C: Yes. It was not very glamorous, it was a health center where they were checked whether they have sexually transmitted diseases.
Do you watch porn at all?
C: In general…yes, of course, but I didn’t recognize any of the patients, if that’s what you mean.
What’s your favourite porn film?
C: I do not know … Do you ask that everyone?
Hey, what did you expect after making an easy target of yourself with your previous answer…
C: Okay, sure. (Thinks seriously and intensively) I need to think about that. What’s your favorite porn film?
I do not watch porn.
C: All right. I currently feel quite schizophrenic, which is fine, because if I make plans, I mess it up usually. Right now I have two bands, two albums, two tours. Two children.
I listened to the Libertines and the whole indie stuff about ten years ago, what has happened in the meantime? Anything?
C: It was a pretty empty time.
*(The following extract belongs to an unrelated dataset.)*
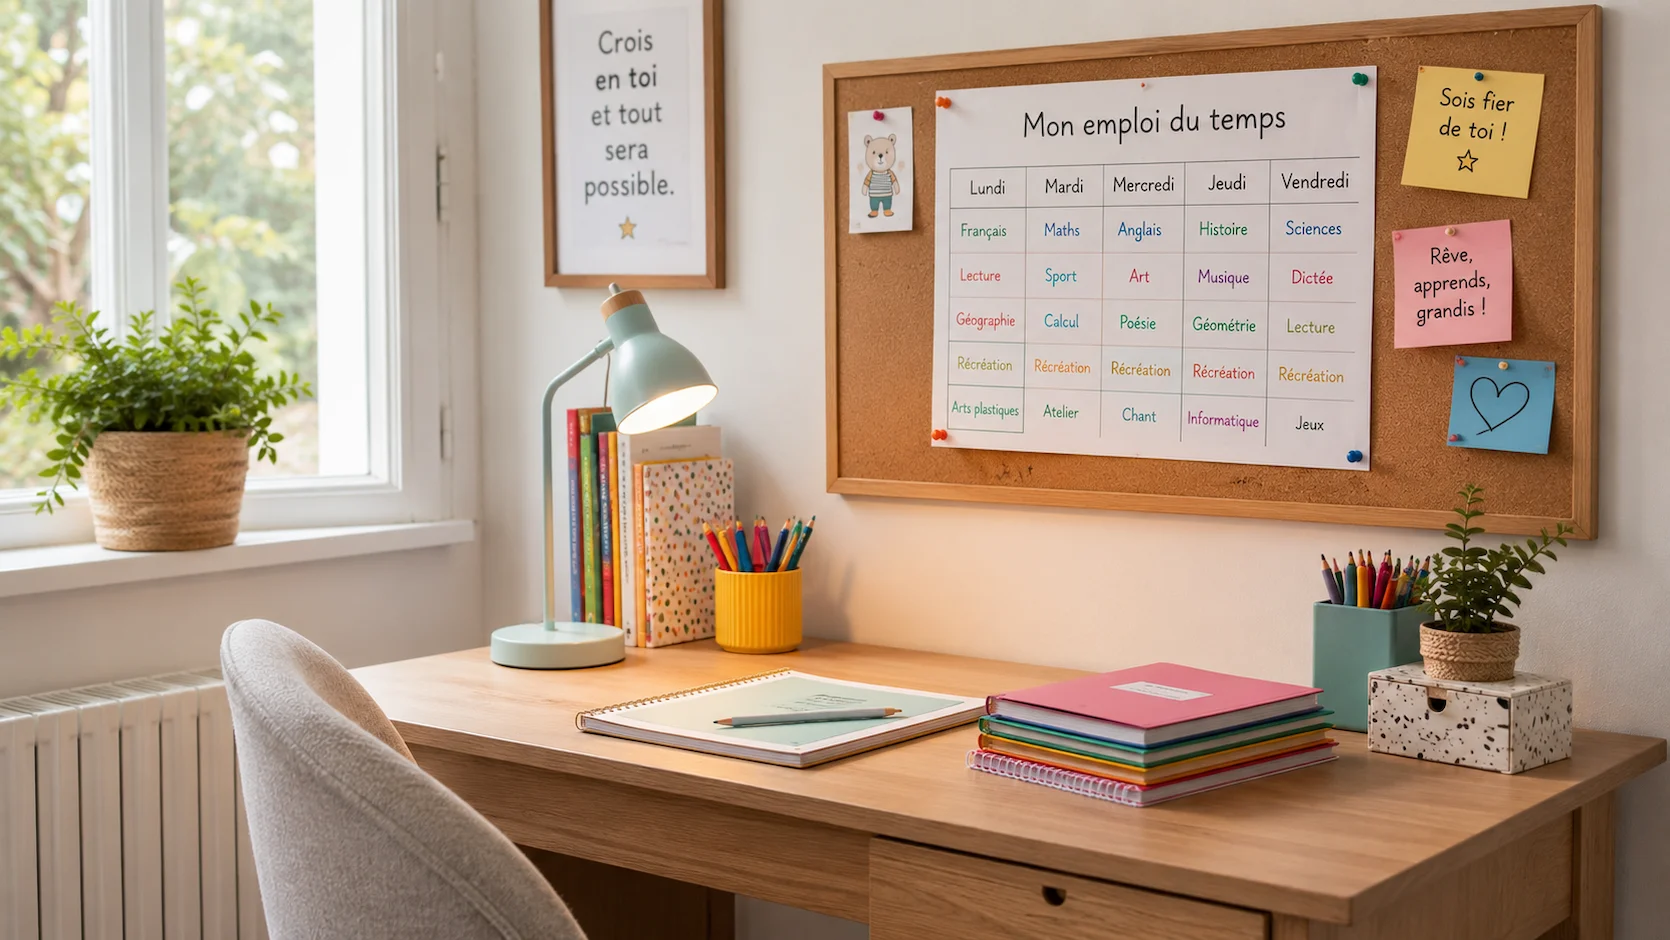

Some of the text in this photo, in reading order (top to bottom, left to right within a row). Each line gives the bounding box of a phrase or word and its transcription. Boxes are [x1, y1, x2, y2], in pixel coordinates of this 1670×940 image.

The world is changing so fast, it’s as if you are in a kind of vacuum. Previously, there were more scenes, so even the Hipster scene now seems like such an internet thing, in LA one sees 6000 beards for 5000 people.
What does your typical fan look like?
C: A friend of mine once said, the difference between our fans and those of “real” rock bands is that ours show poems rather than tits. But that’s okay, I like poems.
I do love the comments under your YouTube videos. A lot of people seem to wish for a romance between you and Pete Doherty.
C: Yes, there are many supporters of this idea. They simply objectify us men… no, it’s really quite strange.
Is there fanfiction about you?
C: Yes, I just wanted to mention, there are some pretty explicit stories.
Do you sometimes sit there together, by candlelight, and read them to each other? As you’re slowly getting closer?
C: Yes, over a bottle of wine … no, not really.
We still need to talk about something more serious, that will not do. Do you have a doctorate or something?
C: Yes I have. I received an honorary doctorate.
Oh right, you’re the doctor. Doctor Carl Barat. It’s probably been a while since you needed to apply for a job?
C: Yes and no, but I’ve had a lot of shit jobs. I was once a professional bowler, English “tosser”. You know what “tossing” means? To jerk off. So I was a professional wanker.
What?
No, it just sounds funny. I have worked in a salad factory. My job there was to throw the leaves into the air and to check whether there are spiders. Or moths. And if I found some, I put them in a small bag so they die. That was my job for a few summers.
Haha, oh God.
C: Once Pete and I worked for a company that sold windows. We called people, names taken from the phone book, and every time the boss left the room, I called a customer and said, “Hey, I used to live in that house, you know this place behind the stove? Since two thousand US dollars are hidden there. They are yours.“ I have done that so often, I now feel terrible, people disassembled their kitchens, and I, on the phone: “I cannot talk for long, I’m calling from prison, two million, in the wall in the jutty. I have to go. “I wonder if they really destroyed their homes.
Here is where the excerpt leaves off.